■ DATASET
>>>
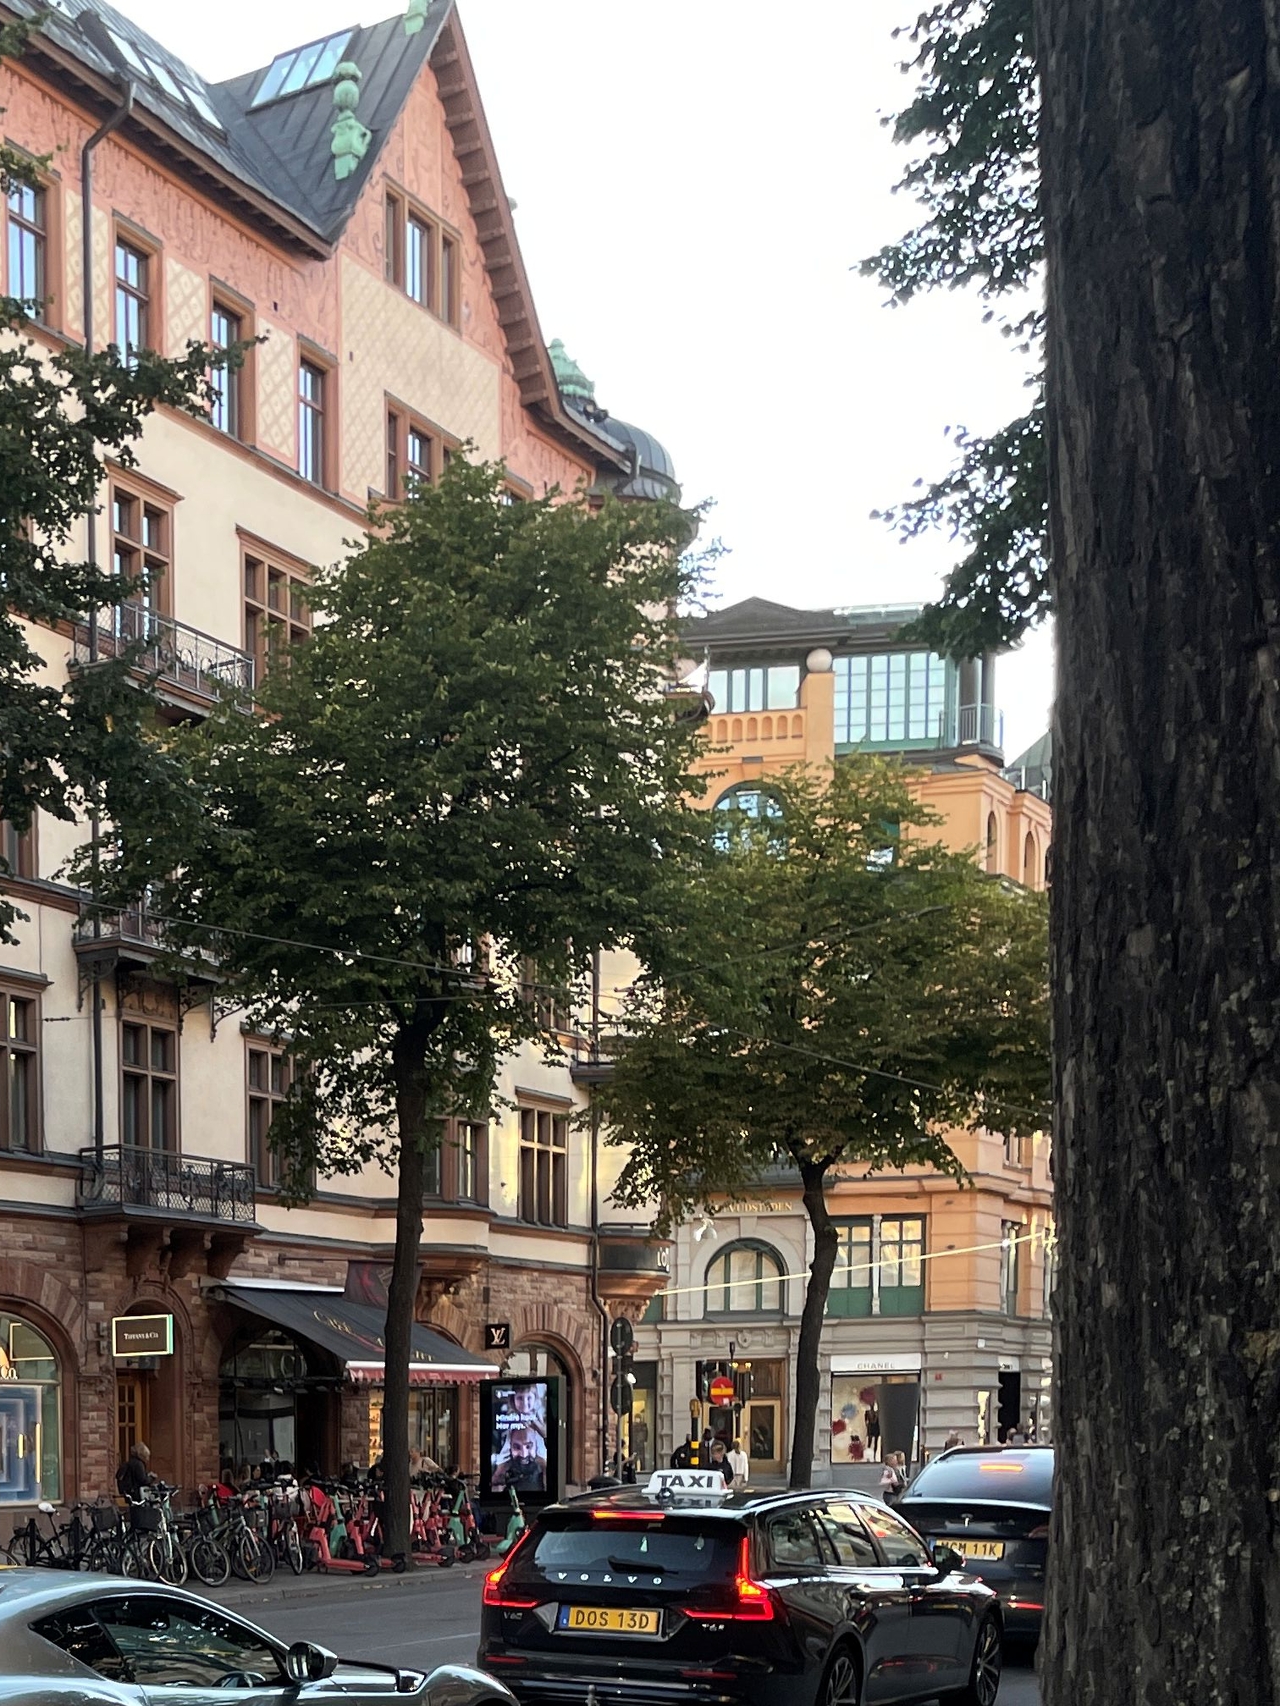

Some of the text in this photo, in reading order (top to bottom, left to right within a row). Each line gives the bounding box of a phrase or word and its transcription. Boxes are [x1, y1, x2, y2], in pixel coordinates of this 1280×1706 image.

[857, 1362, 895, 1370] CHANEL
[657, 1474, 714, 1488] TAXI
[974, 1542, 997, 1556] 11K
[557, 1572, 663, 1585] VOLVO
[575, 1609, 609, 1627] DOS
[618, 1611, 650, 1629] 13D
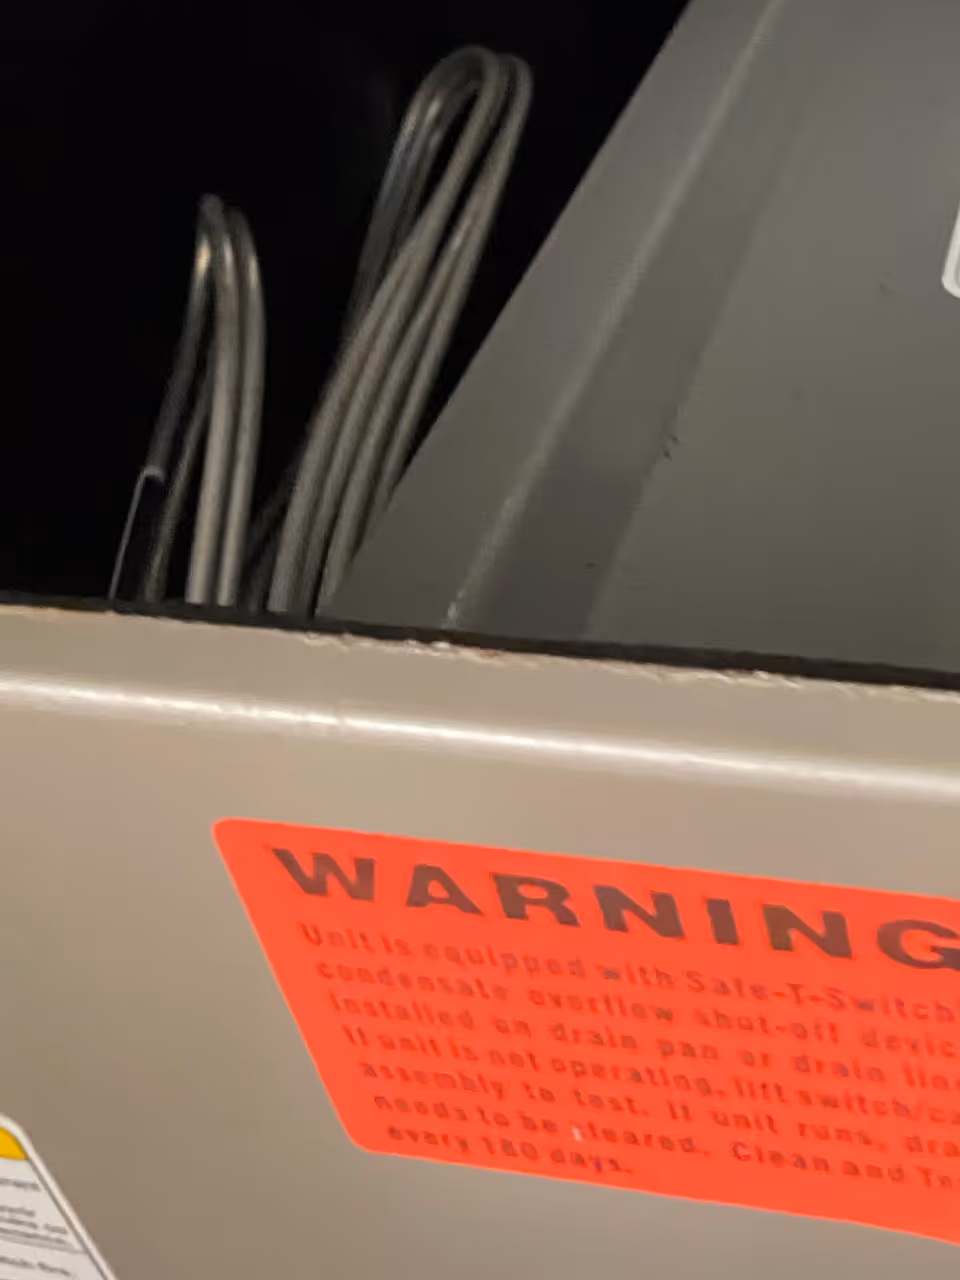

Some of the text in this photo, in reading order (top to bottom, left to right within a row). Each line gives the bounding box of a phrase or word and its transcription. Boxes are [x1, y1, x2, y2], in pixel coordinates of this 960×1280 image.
<<<
■ YOUR ASSIGNMENT
The material above is to be set down exactly, with pictures removed.

■ TASK RESULT
Some of the text in this photo, in reading order (top to bottom, left to right within a row). Each line gives the bounding box of a phrase or word and its transcription. Boxes are [x1, y1, x2, y2], in pixel coordinates of this 1280×1706 image.

[857, 1362, 895, 1370] CHANEL
[657, 1474, 714, 1488] TAXI
[974, 1542, 997, 1556] 11K
[557, 1572, 663, 1585] VOLVO
[575, 1609, 609, 1627] DOS
[618, 1611, 650, 1629] 13D

Some of the text in this photo, in reading order (top to bottom, left to right within a row). Each line gives the bounding box of a phrase or word and its transcription. Boxes are [x1, y1, x2, y2], in pixel coordinates of this 960×1280 image.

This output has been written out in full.